▶ _Source data_
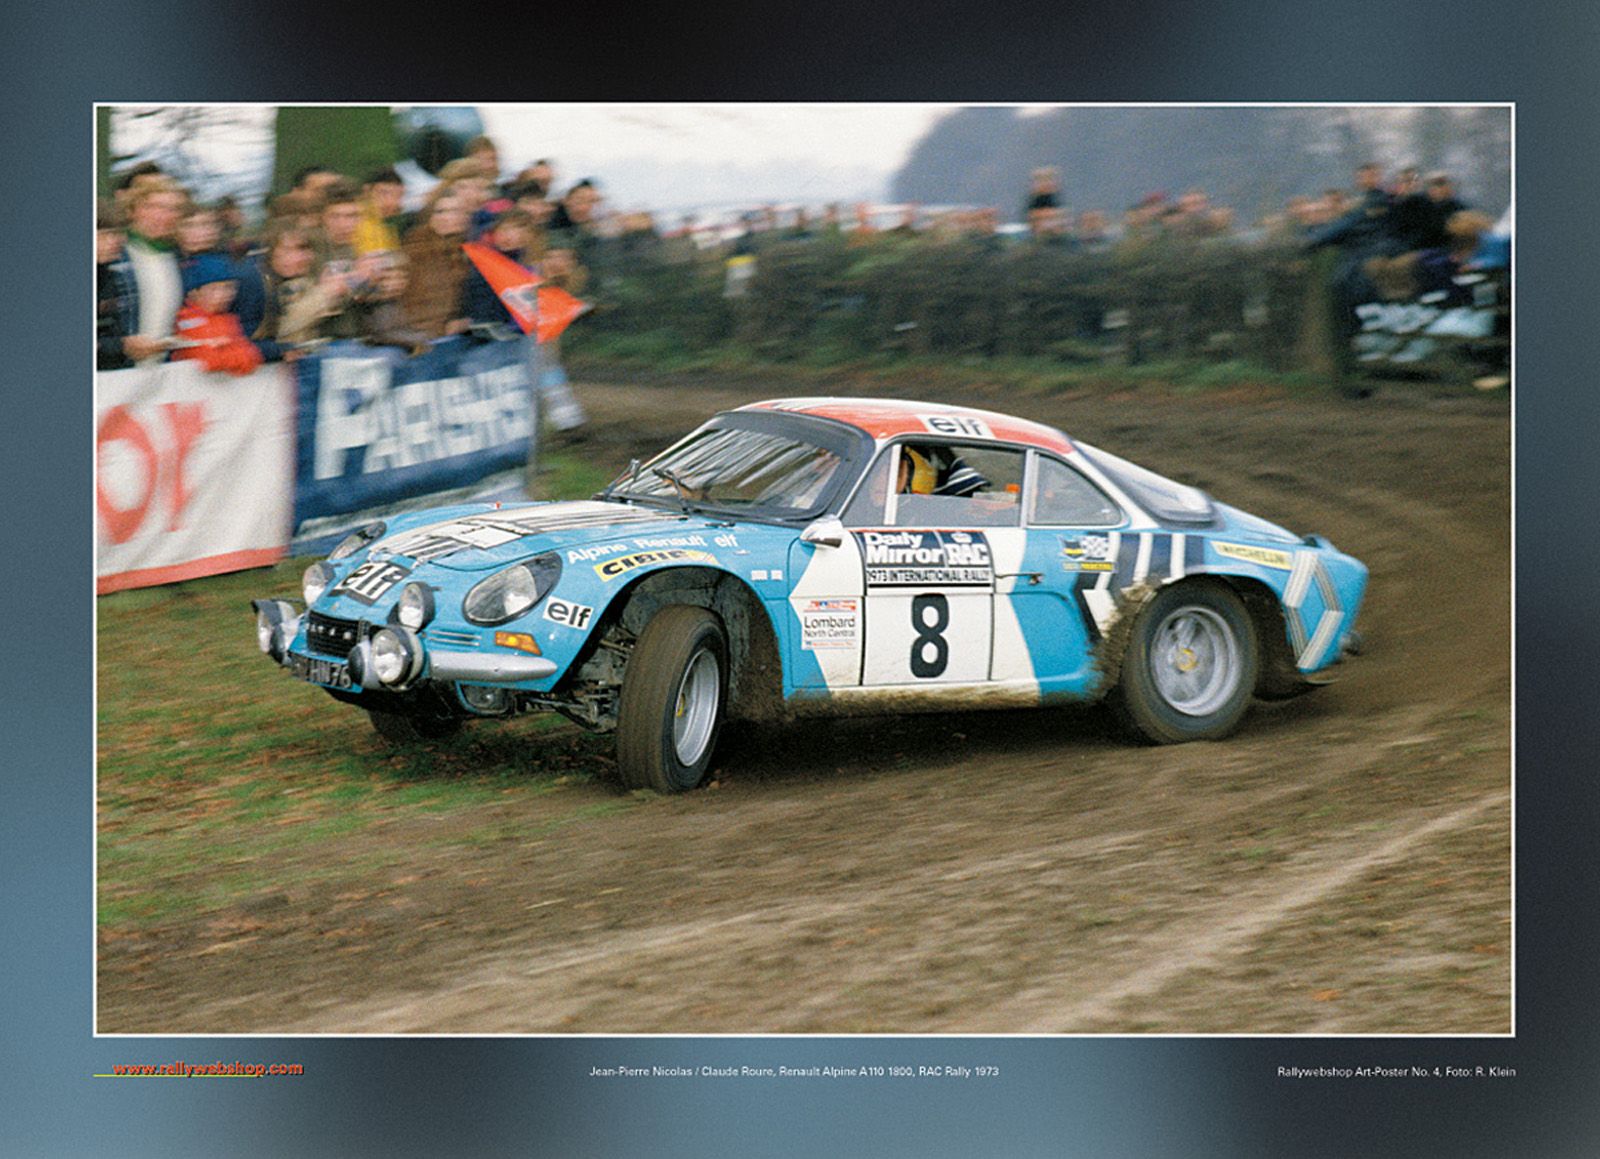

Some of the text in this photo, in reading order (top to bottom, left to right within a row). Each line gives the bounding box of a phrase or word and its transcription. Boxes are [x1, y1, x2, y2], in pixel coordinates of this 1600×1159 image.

[928, 416, 983, 435] elf
[567, 533, 739, 564] Alpine Renault elf
[863, 532, 923, 548] Daily
[866, 543, 990, 564] Mirror RAC
[342, 564, 402, 596] elf
[867, 569, 990, 582] 1973 INTERNATIONAL RALLY
[547, 601, 592, 627] elf
[804, 616, 856, 629] Lombard
[804, 628, 856, 638] North Central
[909, 592, 949, 679] 8

▶ _TASK INSTRUCTIONS_
For this exercise, transcribe the data exactly but without its pictures.

▶ _ANSWER SPACE_
Some of the text in this photo, in reading order (top to bottom, left to right within a row). Each line gives the bounding box of a phrase or word and its transcription. Boxes are [x1, y1, x2, y2], in pixel coordinates of this 1600×1159 image.

[928, 416, 983, 435] elf
[567, 533, 739, 564] Alpine Renault elf
[863, 532, 923, 548] Daily
[866, 543, 990, 564] Mirror RAC
[342, 564, 402, 596] elf
[867, 569, 990, 582] 1973 INTERNATIONAL RALLY
[547, 601, 592, 627] elf
[804, 616, 856, 629] Lombard
[804, 628, 856, 638] North Central
[909, 592, 949, 679] 8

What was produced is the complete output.